Kratos SVP & General Counsel Discloses 2,000-Share Sale via 10b5-1 Plan
Rhea-AI Filing Summary
Marie Mendoza, SVP & General Counsel of Kratos Defense & Security Solutions (KTOS) reported sales of a total of 2,000 shares of Kratos common stock on 08/15/2025 executed under a 10b5-1 trading plan adopted March 17, 2025. The sales occurred in multiple transactions: 300 shares at a weighted average price of $67.63, 1,600 shares at a weighted average price of $68.4259, and 100 shares at $69.38. Following these disposals the reporting person beneficially owned 63,357 shares. The filing notes that holdings include 2,144 ESPP shares and approximately 14,220 401(k) shares. The Form 4 was signed by an attorney-in-fact, Eva Yee.
Positive
- Sales executed under a documented 10b5-1 trading plan, indicating pre-planned, compliant transactions
- Filer offers to provide per-trade quantities and prices on request, enhancing transparency
- Filing discloses ESPP and 401(k) holdings, clarifying composition of beneficial ownership
Negative
- Insider disposed of 2,000 shares, reducing beneficial ownership to 63,357 shares
- Weighted-average prices hide per-trade granularity unless requested, requiring follow-up for full detail
Insights
TL;DR: Insider sold 2,000 KTOS shares under a pre-established 10b5-1 plan; transaction is a routine disclosure, not an unexplained block sale.
The sales were executed pursuant to a documented 10b5-1 plan, which provides an affirmative defense under Rule 10b5-1 and indicates pre-planned disposition rather than opportunistic trading. Total shares sold represent a modest portion of the reporting persons disclosed holding. Prices are reported as weighted averages across multiple trades, and the filer offers to disclose per-trade quantities on request, supporting transparency.
TL;DR: Use of a 10b5-1 plan and signature by attorney-in-fact reflect standard governance and compliance practices.

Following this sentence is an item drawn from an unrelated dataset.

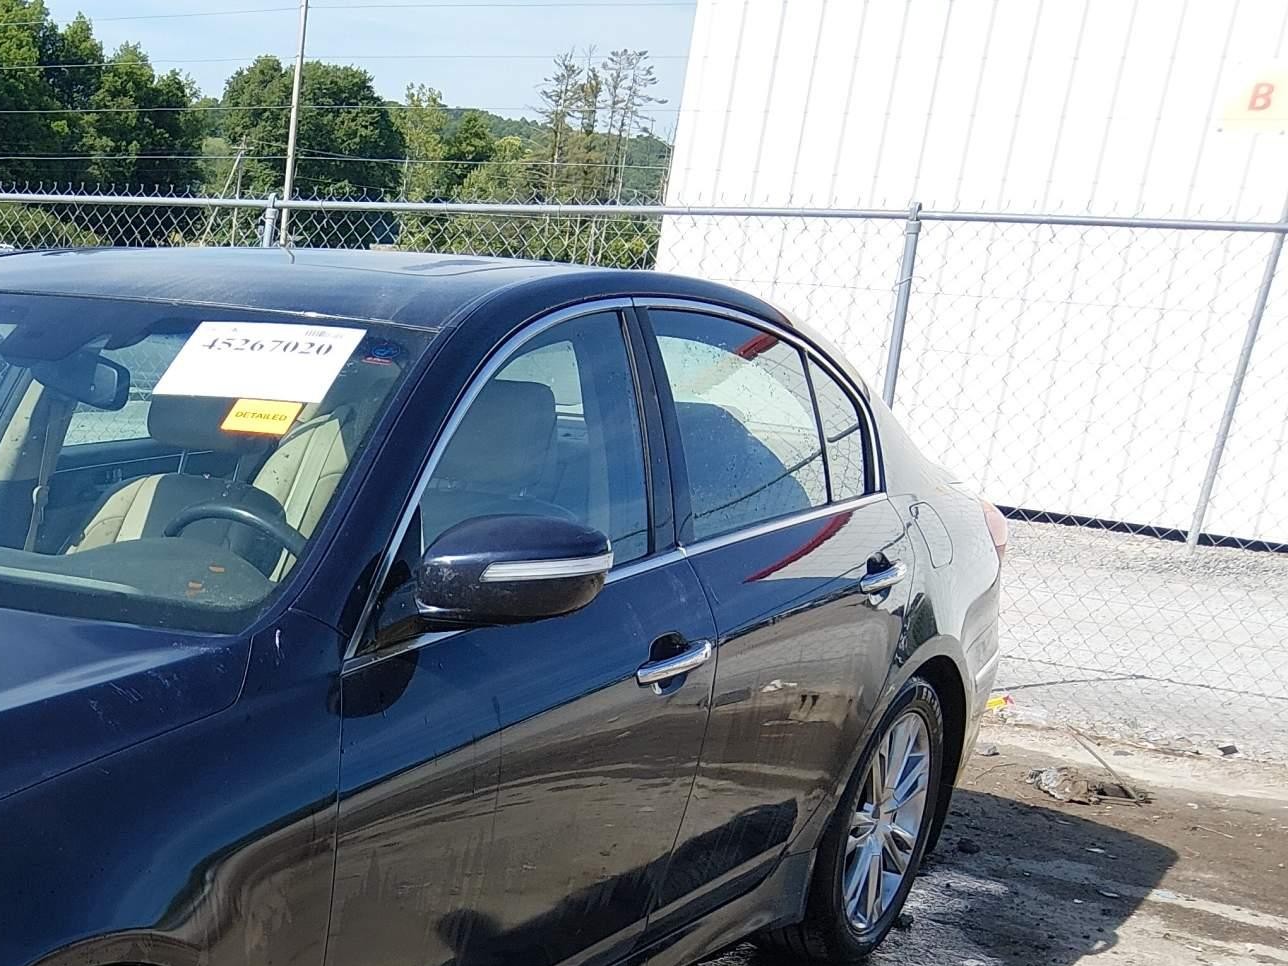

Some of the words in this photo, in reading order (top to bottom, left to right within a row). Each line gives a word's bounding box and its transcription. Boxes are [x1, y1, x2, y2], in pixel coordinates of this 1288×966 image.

Adoption date of the 10b5-1 plan (March 17, 2025) is disclosed in the filing, which strengthens the governance narrative by documenting timing of the trading authorization. The signature by an attorney-in-fact is properly executed. The filing also clarifies aggregate holdings and plan-allocated shares (ESPP and 401(k)), improving clarity about beneficial ownership.
Insider Trade Summary
| Type | Security | Shares | Price | Value |
|---|---|---|---|---|
| Sale | Common Stock | 300 | $67.63 | $20K |
| Sale | Common Stock | 1,600 | $68.4259 | $109K |
| Sale | Common Stock | 100 | $69.38 | $7K |
Footnotes (1)
- This transaction was effected pursuant to a 10b5-1 trading plan adopted by the reporting person on March 17, 2025. The price reported in Column 4 is a weighted average price. These shares were sold in multiple transactions at prices ranging from $67.13 to $68.09 inclusive. The reporting person undertakes to provide to Issuer, any security holder of Issuer, or the staff of the Securities and Exchange Commission, upon request, full information regarding the number of shares sold at each separate price within the ranges set forth in this footnote to this Form 4. The price reported in Column 4 is a weighted average price. These shares were sold in multiple transactions at prices ranging from $68.14 to $68.73 inclusive. The reporting person undertakes to provide to Issuer, any security holder of Issuer, or the staff of the Securities and Exchange Commission, upon request, full information regarding the number of shares sold at each separate price within the ranges set forth in this footnote to this Form 4. Includes 2,144 shares purchased through Issuer's Employee Stock Purchase Plan and approximately 14,220 shares held through Issuer's 401(k) Plan.